**YOUR ASSIGNMENT**
Once the line containing "this 1376×1548 image." is found, copy that line and all remaining lines of the records exactly, including the last one, and add nothing.

□ □ □ □

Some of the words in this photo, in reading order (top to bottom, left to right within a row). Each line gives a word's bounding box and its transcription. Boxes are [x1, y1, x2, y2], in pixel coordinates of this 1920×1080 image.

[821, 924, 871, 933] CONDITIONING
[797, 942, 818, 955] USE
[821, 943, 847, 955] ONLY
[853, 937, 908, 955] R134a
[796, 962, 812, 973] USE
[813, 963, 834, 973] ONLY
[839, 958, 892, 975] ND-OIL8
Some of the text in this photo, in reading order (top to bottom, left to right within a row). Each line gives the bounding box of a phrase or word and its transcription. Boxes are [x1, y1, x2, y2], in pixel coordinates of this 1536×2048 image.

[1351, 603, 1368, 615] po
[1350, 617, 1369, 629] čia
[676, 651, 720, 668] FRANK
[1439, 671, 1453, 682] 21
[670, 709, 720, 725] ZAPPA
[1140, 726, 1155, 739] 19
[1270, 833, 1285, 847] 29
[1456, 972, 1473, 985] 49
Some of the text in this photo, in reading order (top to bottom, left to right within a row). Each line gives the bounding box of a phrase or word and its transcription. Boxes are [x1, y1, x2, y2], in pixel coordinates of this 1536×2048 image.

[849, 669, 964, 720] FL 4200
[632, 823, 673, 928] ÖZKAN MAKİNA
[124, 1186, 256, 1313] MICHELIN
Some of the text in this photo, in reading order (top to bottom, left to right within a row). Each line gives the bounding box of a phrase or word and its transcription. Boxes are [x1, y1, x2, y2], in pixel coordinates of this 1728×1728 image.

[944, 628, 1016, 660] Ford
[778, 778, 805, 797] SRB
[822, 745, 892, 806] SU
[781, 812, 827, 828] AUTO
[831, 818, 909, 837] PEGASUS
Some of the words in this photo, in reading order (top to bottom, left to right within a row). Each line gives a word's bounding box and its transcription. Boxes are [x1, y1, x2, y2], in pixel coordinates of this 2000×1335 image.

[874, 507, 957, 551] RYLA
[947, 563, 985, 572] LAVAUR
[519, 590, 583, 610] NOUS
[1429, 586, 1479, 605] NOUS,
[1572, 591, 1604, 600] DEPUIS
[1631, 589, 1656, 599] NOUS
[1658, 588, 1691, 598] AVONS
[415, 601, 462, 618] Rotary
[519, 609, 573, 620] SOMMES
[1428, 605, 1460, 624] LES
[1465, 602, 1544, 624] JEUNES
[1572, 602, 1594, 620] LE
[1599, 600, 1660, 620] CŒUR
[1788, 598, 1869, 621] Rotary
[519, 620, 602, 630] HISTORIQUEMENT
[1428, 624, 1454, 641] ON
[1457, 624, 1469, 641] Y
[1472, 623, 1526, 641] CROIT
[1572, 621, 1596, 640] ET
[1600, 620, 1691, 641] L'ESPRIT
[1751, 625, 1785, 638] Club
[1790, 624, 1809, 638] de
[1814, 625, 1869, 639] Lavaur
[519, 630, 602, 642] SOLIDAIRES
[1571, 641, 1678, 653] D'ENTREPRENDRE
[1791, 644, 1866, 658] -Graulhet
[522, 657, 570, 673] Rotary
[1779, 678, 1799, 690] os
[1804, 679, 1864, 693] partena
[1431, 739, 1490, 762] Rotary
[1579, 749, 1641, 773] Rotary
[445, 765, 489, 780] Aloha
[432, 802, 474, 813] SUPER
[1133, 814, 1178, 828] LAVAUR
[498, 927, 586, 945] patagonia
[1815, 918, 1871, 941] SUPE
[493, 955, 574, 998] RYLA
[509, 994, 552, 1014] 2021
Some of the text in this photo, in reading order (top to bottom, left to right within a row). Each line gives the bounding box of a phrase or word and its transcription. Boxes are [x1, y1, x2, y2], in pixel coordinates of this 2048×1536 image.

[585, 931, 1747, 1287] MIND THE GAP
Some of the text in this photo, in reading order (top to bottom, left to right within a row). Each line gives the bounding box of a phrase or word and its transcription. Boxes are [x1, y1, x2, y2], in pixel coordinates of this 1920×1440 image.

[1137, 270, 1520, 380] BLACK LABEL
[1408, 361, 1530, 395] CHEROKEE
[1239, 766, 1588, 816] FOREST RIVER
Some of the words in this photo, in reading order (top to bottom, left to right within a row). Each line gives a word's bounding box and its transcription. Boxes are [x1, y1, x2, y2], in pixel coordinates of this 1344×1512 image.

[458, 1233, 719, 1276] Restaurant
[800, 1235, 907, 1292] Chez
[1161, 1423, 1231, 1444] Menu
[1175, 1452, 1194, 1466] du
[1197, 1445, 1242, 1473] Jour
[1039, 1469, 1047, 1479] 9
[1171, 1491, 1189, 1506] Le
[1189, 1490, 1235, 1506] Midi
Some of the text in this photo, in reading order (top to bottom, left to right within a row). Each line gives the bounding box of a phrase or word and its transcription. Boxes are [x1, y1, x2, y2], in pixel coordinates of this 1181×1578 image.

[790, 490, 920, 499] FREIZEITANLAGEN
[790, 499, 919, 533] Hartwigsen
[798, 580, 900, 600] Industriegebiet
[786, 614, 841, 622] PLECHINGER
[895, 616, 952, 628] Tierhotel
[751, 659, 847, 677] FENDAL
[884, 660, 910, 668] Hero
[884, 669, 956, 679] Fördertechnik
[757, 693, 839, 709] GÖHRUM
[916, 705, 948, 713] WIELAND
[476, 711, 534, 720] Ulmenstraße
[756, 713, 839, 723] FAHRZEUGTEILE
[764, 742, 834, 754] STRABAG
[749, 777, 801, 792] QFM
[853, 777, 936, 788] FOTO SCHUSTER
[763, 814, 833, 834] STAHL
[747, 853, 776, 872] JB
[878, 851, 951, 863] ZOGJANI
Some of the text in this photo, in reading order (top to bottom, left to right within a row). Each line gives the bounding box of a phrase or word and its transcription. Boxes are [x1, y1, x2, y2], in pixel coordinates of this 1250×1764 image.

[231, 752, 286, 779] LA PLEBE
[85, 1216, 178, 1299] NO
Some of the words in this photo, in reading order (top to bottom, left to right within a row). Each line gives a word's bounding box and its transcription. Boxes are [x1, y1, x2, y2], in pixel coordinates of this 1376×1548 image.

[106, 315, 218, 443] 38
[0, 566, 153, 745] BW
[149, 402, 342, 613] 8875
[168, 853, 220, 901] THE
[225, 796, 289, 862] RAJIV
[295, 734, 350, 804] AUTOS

□ □ □ □

**OUTPUT BELOW**
Some of the words in this photo, in reading order (top to bottom, left to right within a row). Each line gives a word's bounding box and its transcription. Boxes are [x1, y1, x2, y2], in pixel coordinates of this 1376×1548 image.

[106, 315, 218, 443] 38
[0, 566, 153, 745] BW
[149, 402, 342, 613] 8875
[168, 853, 220, 901] THE
[225, 796, 289, 862] RAJIV
[295, 734, 350, 804] AUTOS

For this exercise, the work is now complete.